__Phrase grounding data__:

"""

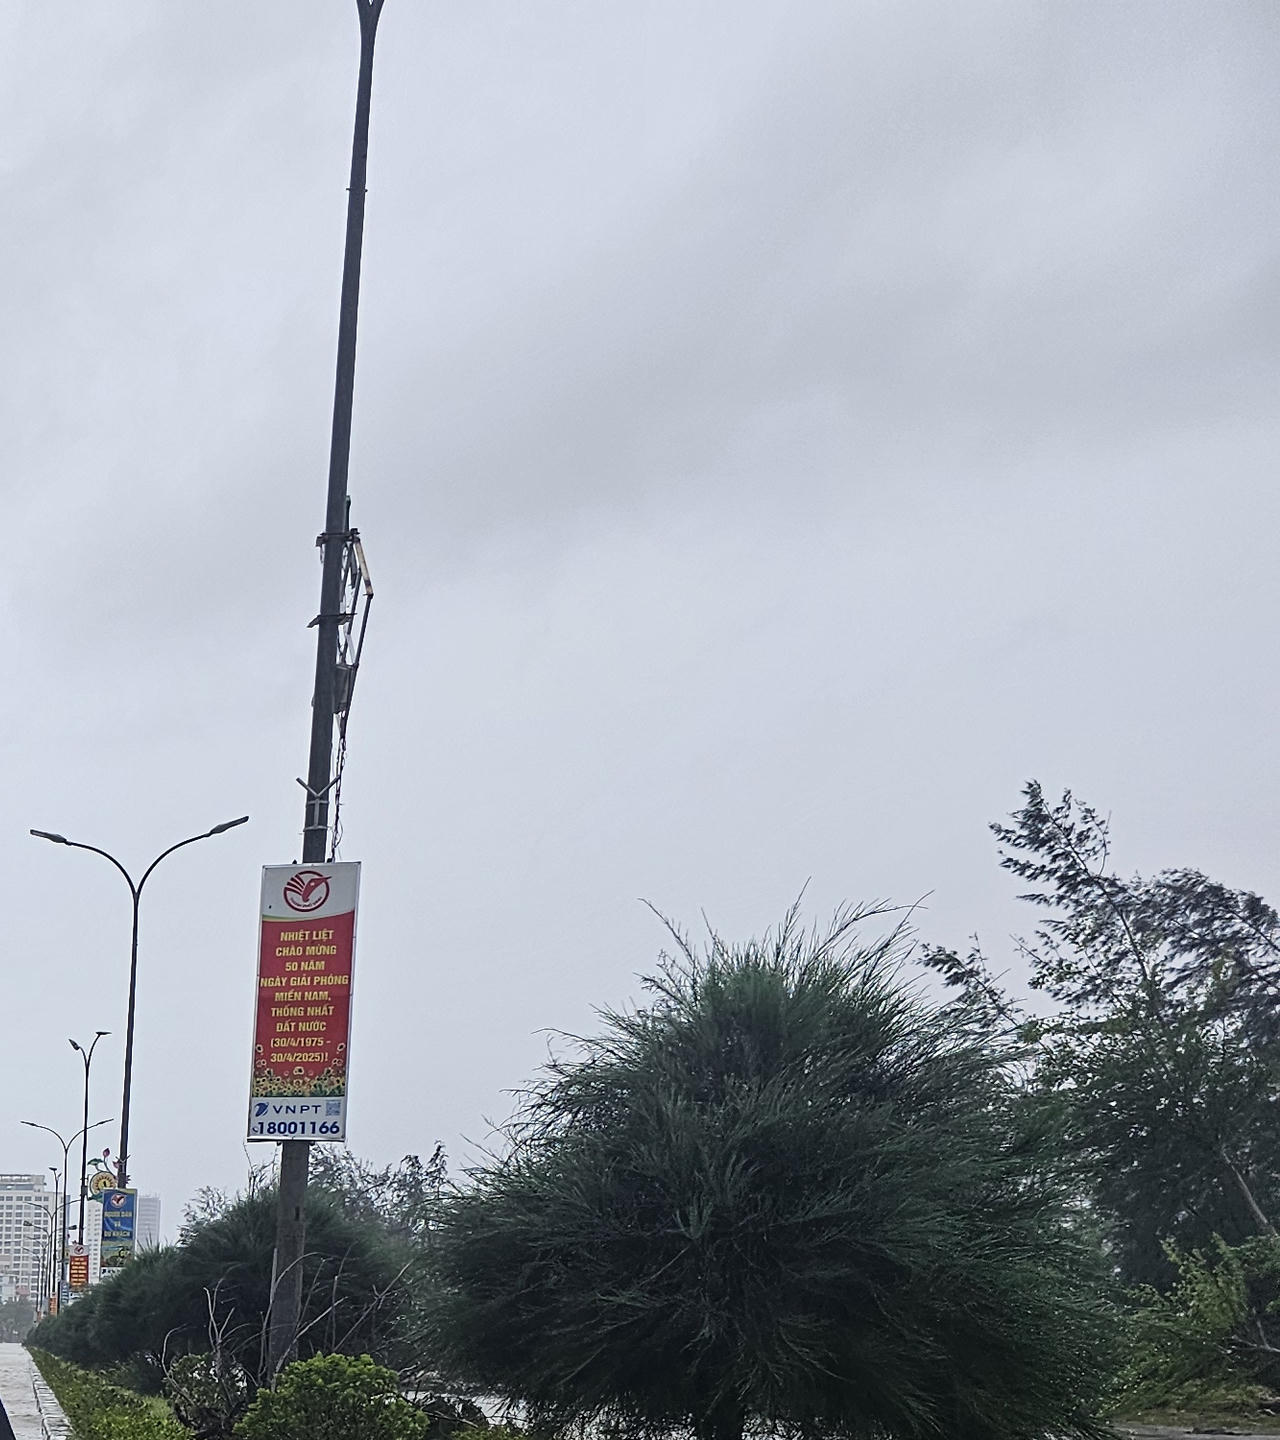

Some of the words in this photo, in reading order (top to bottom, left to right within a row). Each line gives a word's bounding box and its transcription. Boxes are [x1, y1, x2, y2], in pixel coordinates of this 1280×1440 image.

[280, 929, 310, 942] NHIỆT
[312, 929, 334, 942] LIỆT
[276, 944, 303, 957] CHÀO
[285, 961, 298, 971] 50
[301, 959, 325, 971] NĂM
[260, 976, 288, 987] NGÀY
[290, 974, 311, 986] GIẢI
[313, 973, 349, 986] PHÓNG
[271, 1003, 304, 1017] THỐNG
[307, 1002, 334, 1016] NHẤT
[276, 1018, 296, 1032] ĐẤT
[298, 1018, 327, 1031] NƯỚC
[270, 1037, 324, 1048] (30/4/1975
[270, 1052, 328, 1063] 30/4/2025)!
[272, 1105, 322, 1114] VNPT
[258, 1121, 340, 1135] 18001166
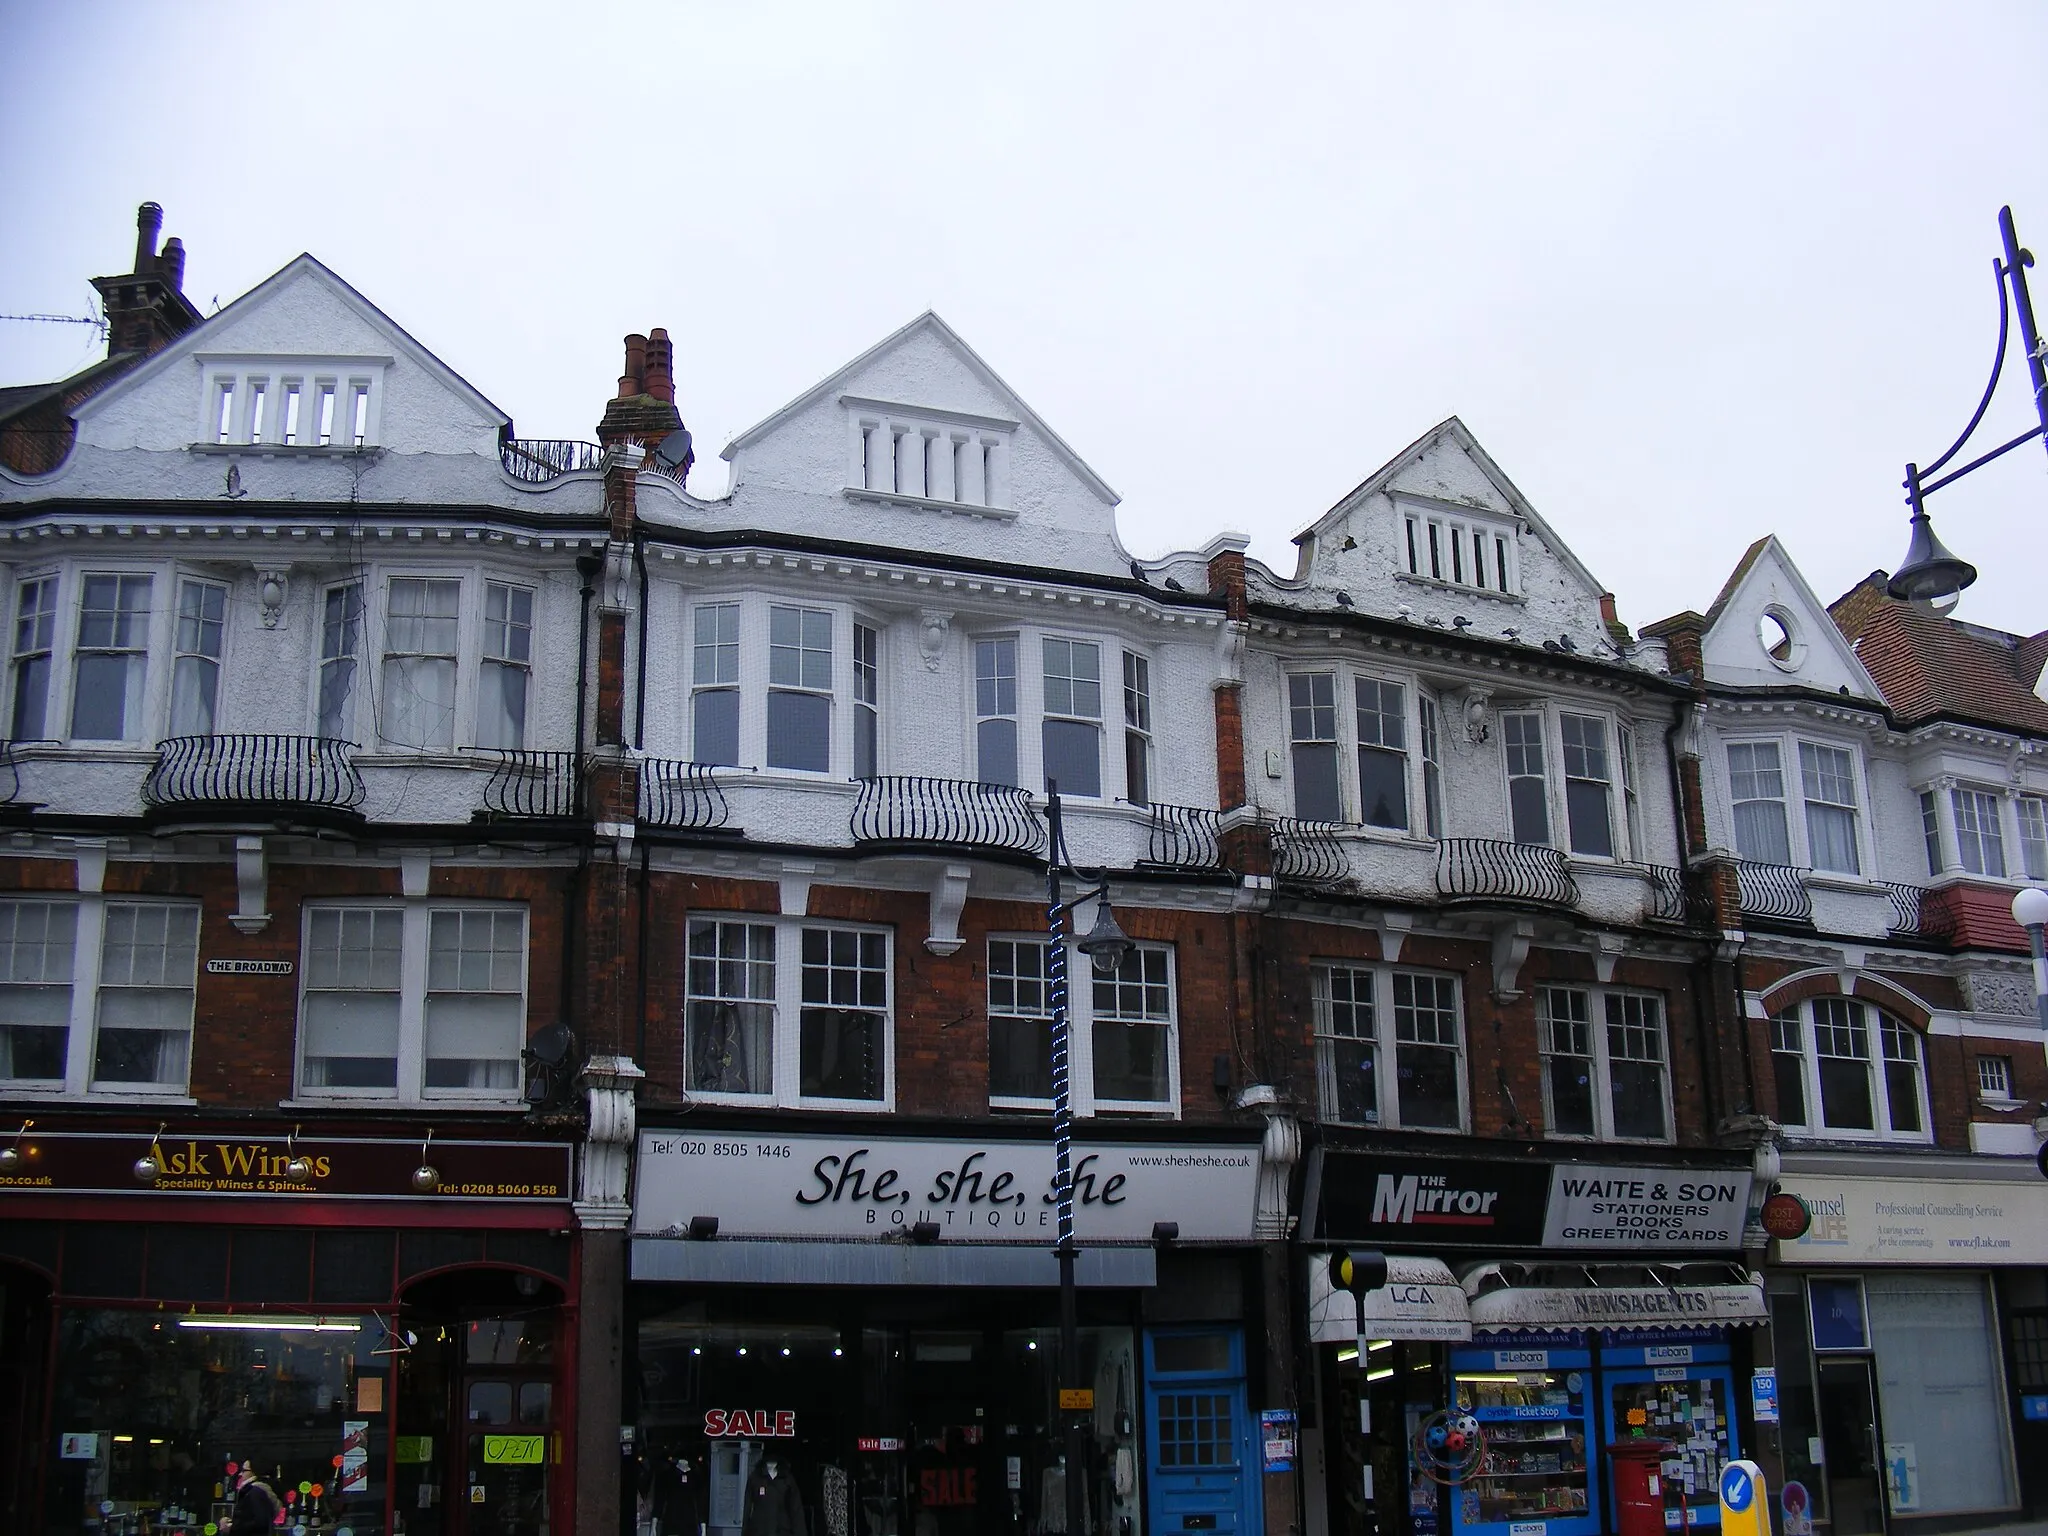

"""

__Problem__:
Repeat the lines above exactly, and keep every picture out.

__Solution to this task__:
Some of the words in this photo, in reading order (top to bottom, left to right within a row). Each line gives a word's bounding box and its transcription. Boxes are [x1, y1, x2, y2], in pixel coordinates of this 1280×1440 image.

[280, 929, 310, 942] NHIỆT
[312, 929, 334, 942] LIỆT
[276, 944, 303, 957] CHÀO
[285, 961, 298, 971] 50
[301, 959, 325, 971] NĂM
[260, 976, 288, 987] NGÀY
[290, 974, 311, 986] GIẢI
[313, 973, 349, 986] PHÓNG
[271, 1003, 304, 1017] THỐNG
[307, 1002, 334, 1016] NHẤT
[276, 1018, 296, 1032] ĐẤT
[298, 1018, 327, 1031] NƯỚC
[270, 1037, 324, 1048] (30/4/1975
[270, 1052, 328, 1063] 30/4/2025)!
[272, 1105, 322, 1114] VNPT
[258, 1121, 340, 1135] 18001166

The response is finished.